Start of EXERCISE INPUTS
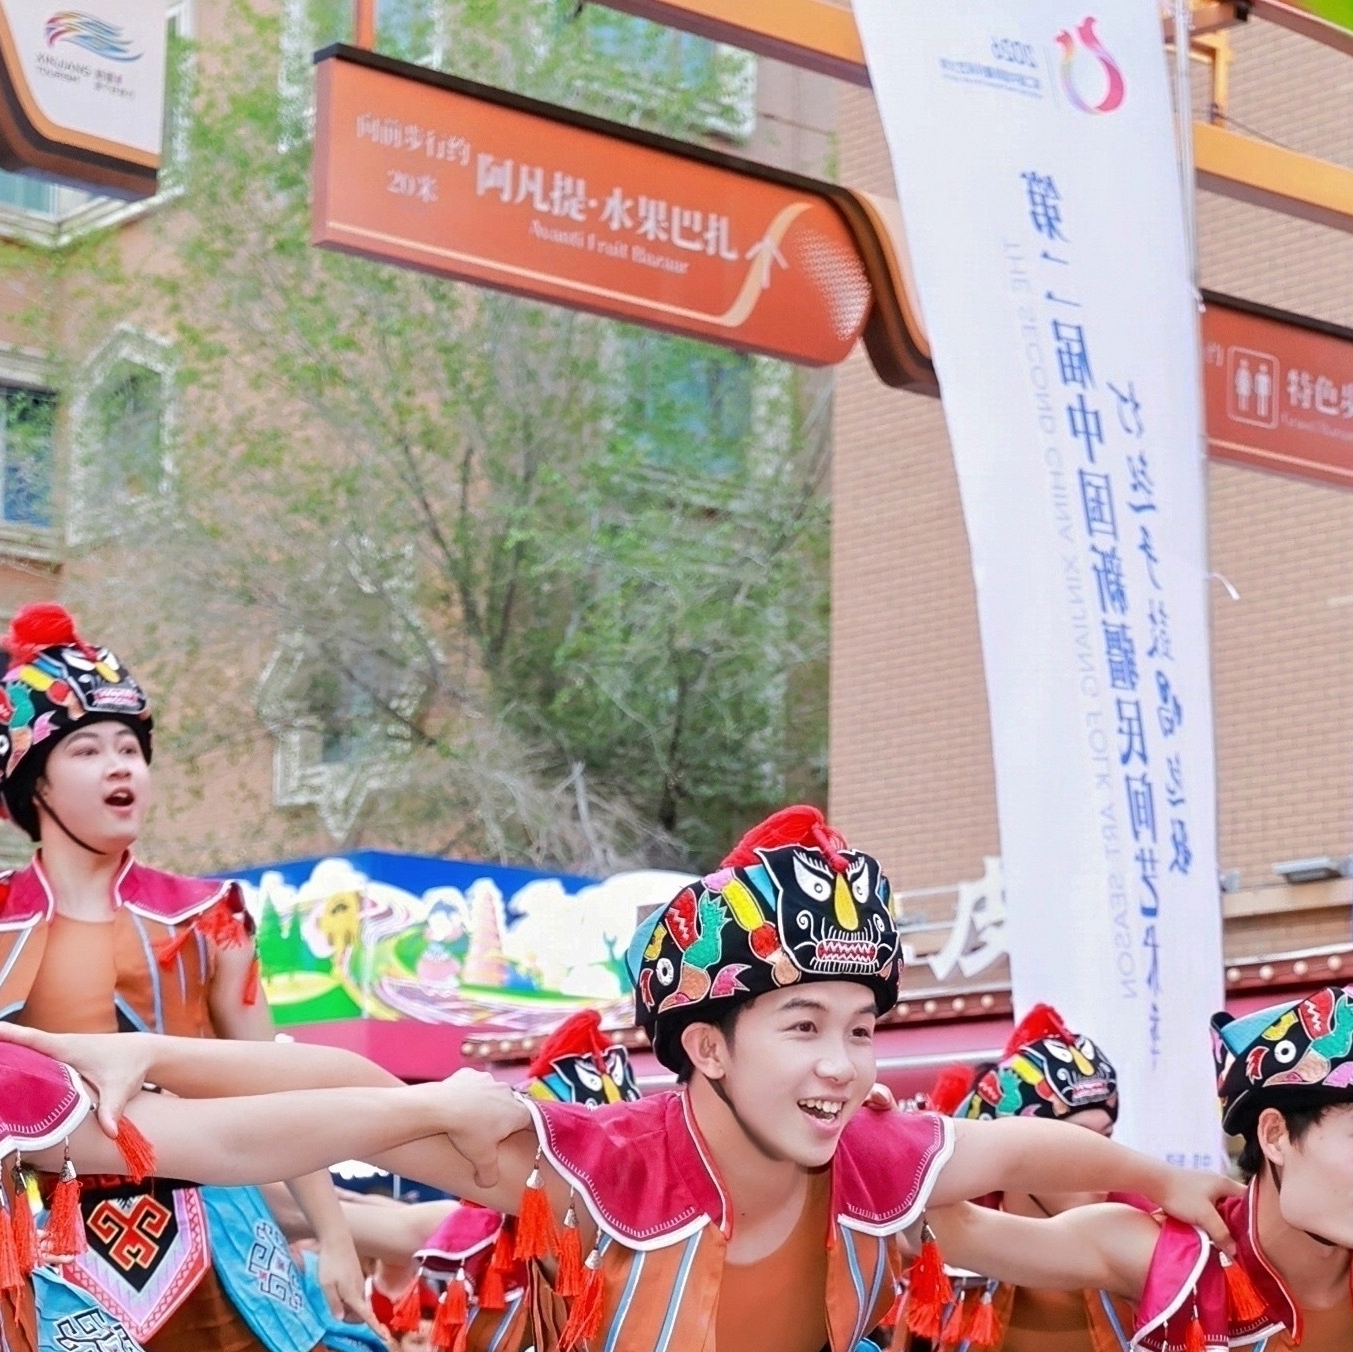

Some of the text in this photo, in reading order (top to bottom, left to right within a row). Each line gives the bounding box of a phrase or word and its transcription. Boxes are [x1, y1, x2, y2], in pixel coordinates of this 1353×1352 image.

[387, 169, 439, 202] 20米
[476, 152, 739, 262] 阿凡提·水果巴扎
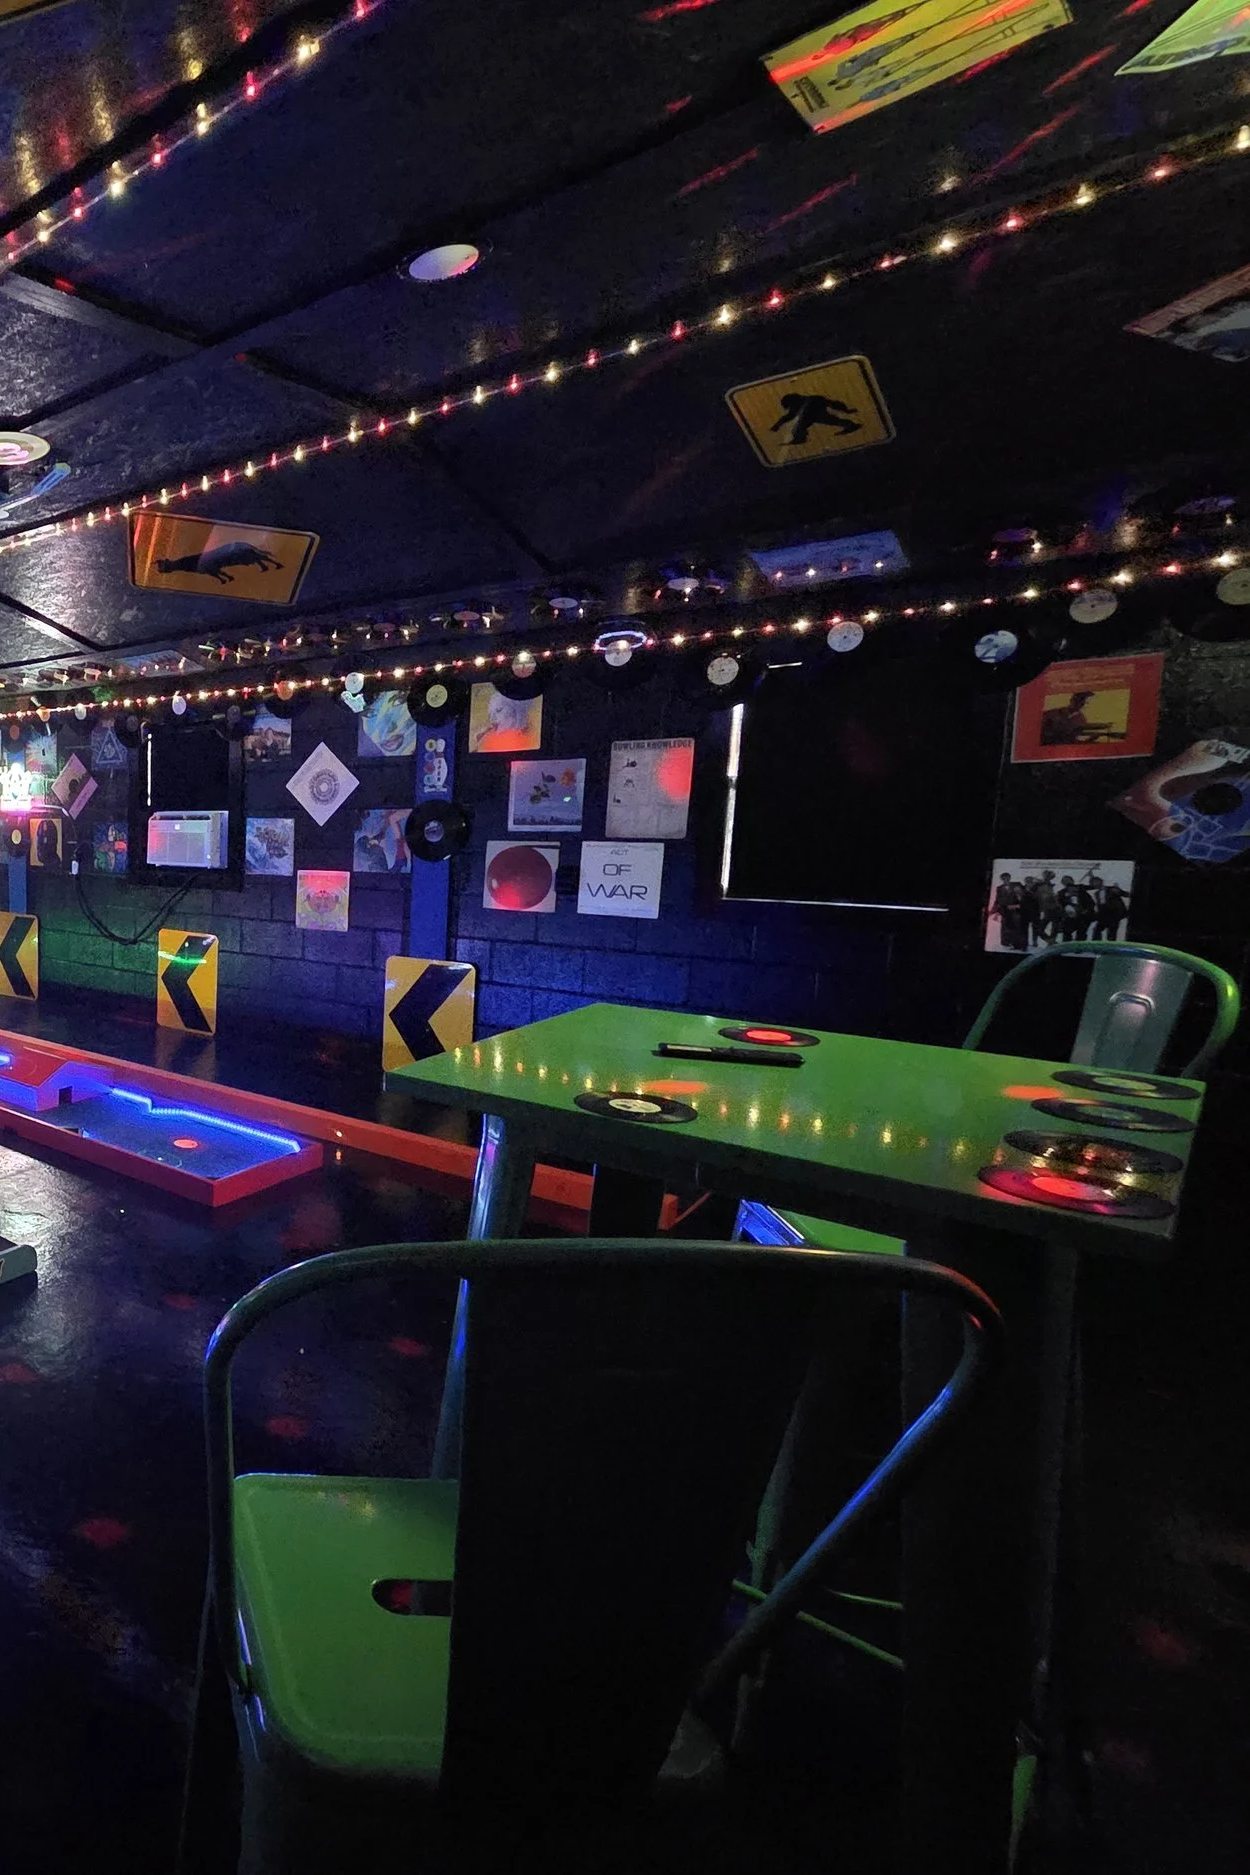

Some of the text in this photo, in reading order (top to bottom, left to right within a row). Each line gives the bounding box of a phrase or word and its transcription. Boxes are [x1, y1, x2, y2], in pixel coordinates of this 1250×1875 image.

[612, 739, 693, 751] BOWLING KNOWLEDGE
[603, 863, 632, 876] OF
[586, 882, 649, 901] WAR
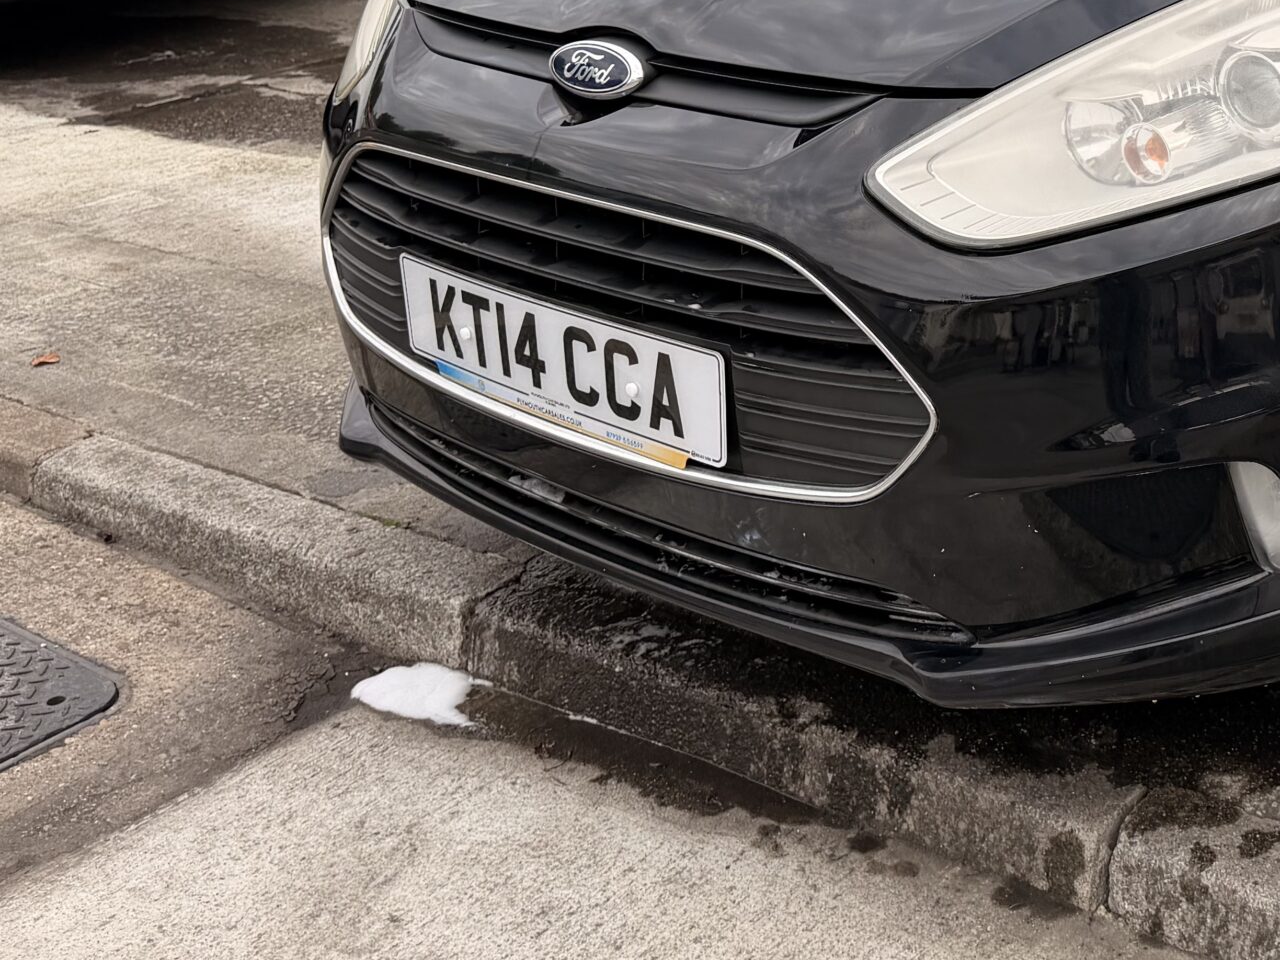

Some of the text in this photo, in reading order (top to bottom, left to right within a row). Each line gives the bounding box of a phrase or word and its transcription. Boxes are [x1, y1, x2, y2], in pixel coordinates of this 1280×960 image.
End of EXERCISE INPUTS
** EXERCISE OBJECTIVE **
Leave out every picture and transcribe the remaining entries exactly.

** RESPONSE TO THIS EXERCISE **
Some of the text in this photo, in reading order (top to bottom, left to right within a row). Each line gives the bounding box of a phrase or word and its transcription. Boxes are [x1, y1, x2, y2], in pixel coordinates of this 1353×1352 image.

[387, 169, 439, 202] 20米
[476, 152, 739, 262] 阿凡提·水果巴扎

Some of the text in this photo, in reading order (top to bottom, left to right within a row). Each line gives the bounding box of a phrase or word and its transcription. Boxes are [x1, y1, x2, y2], in pixel coordinates of this 1250×1875 image.

[612, 739, 693, 751] BOWLING KNOWLEDGE
[603, 863, 632, 876] OF
[586, 882, 649, 901] WAR

Some of the text in this photo, in reading order (top to bottom, left to right within a row). Each line gives the bounding box of a phrase or word and its transcription. Boxes are [x1, y1, x2, y2], in pixel coordinates of this 1280×960 image.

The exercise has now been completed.